-- EXERCISE AIM --
Transcribe the entries below with complete accuracy, excluding the pictures.

........

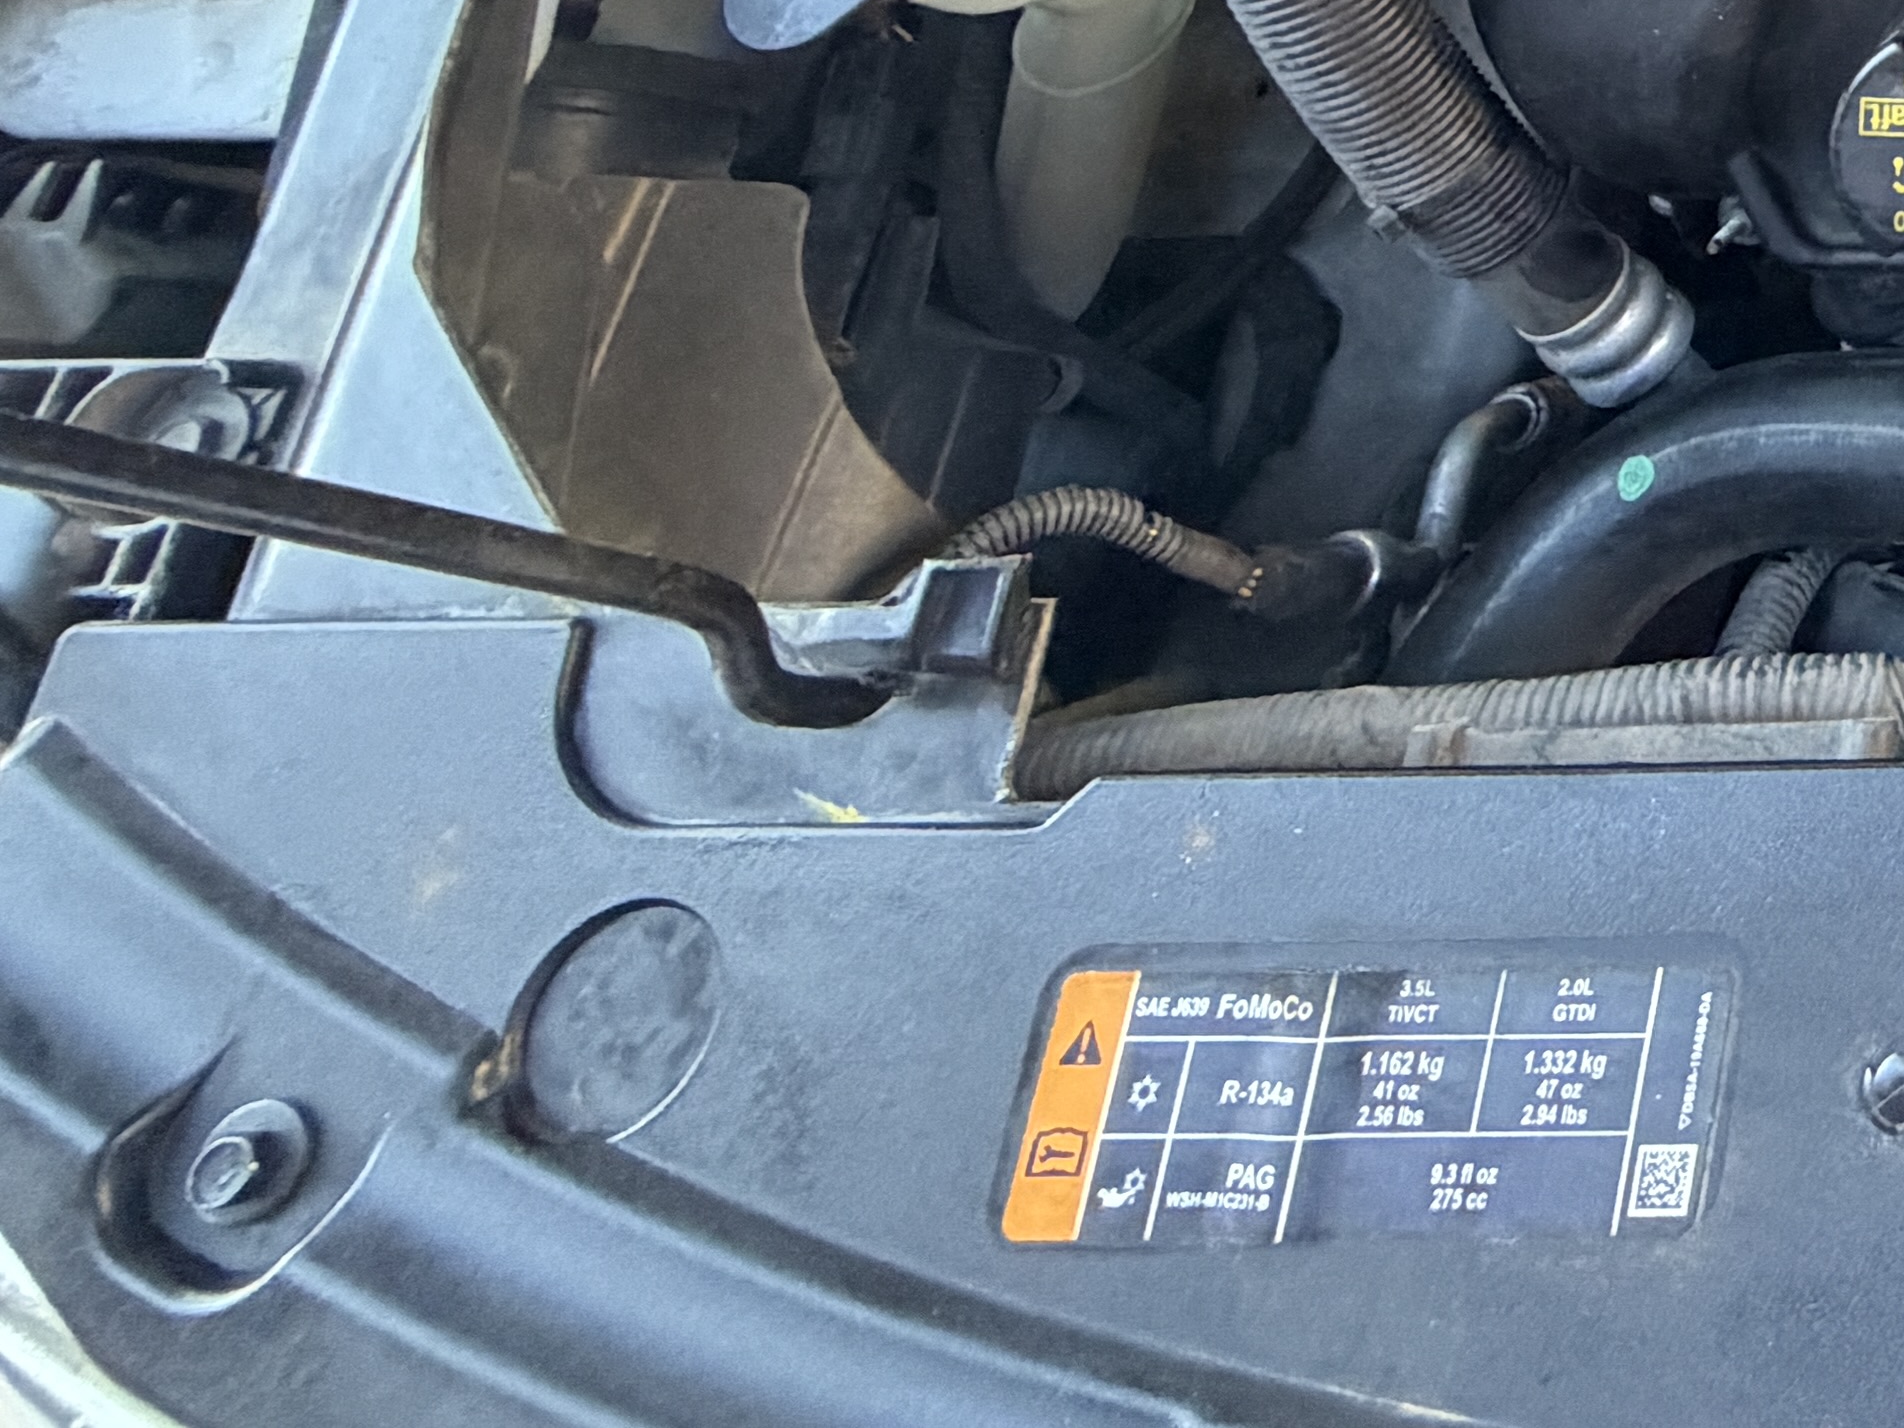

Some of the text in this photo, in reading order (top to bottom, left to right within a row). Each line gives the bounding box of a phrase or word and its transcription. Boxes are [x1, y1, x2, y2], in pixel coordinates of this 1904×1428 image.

[1400, 979, 1435, 998] 3.5L
[1558, 978, 1594, 997] 2.0L
[1135, 994, 1314, 1021] SAE J639 FoMoCo
[1552, 1003, 1596, 1022] GTDI
[1360, 1051, 1445, 1081] 1.162 kg
[1524, 1050, 1607, 1080] 1.332 kg
[1219, 1080, 1295, 1107] R-134a
[1373, 1081, 1420, 1100] 41 oz
[1535, 1080, 1583, 1099] 47 oz
[1356, 1106, 1424, 1127] 2.56 lbs
[1520, 1105, 1587, 1126] 2.94 lbs
[1226, 1163, 1276, 1191] PAG
[1430, 1163, 1498, 1185] 9.3 fl oz
[1429, 1189, 1488, 1210] 275 cc

........

-- RESPONSE BOX --
Some of the text in this photo, in reading order (top to bottom, left to right within a row). Each line gives the bounding box of a phrase or word and its transcription. Boxes are [x1, y1, x2, y2], in pixel coordinates of this 1904×1428 image.

[1400, 979, 1435, 998] 3.5L
[1558, 978, 1594, 997] 2.0L
[1135, 994, 1314, 1021] SAE J639 FoMoCo
[1552, 1003, 1596, 1022] GTDI
[1360, 1051, 1445, 1081] 1.162 kg
[1524, 1050, 1607, 1080] 1.332 kg
[1219, 1080, 1295, 1107] R-134a
[1373, 1081, 1420, 1100] 41 oz
[1535, 1080, 1583, 1099] 47 oz
[1356, 1106, 1424, 1127] 2.56 lbs
[1520, 1105, 1587, 1126] 2.94 lbs
[1226, 1163, 1276, 1191] PAG
[1430, 1163, 1498, 1185] 9.3 fl oz
[1429, 1189, 1488, 1210] 275 cc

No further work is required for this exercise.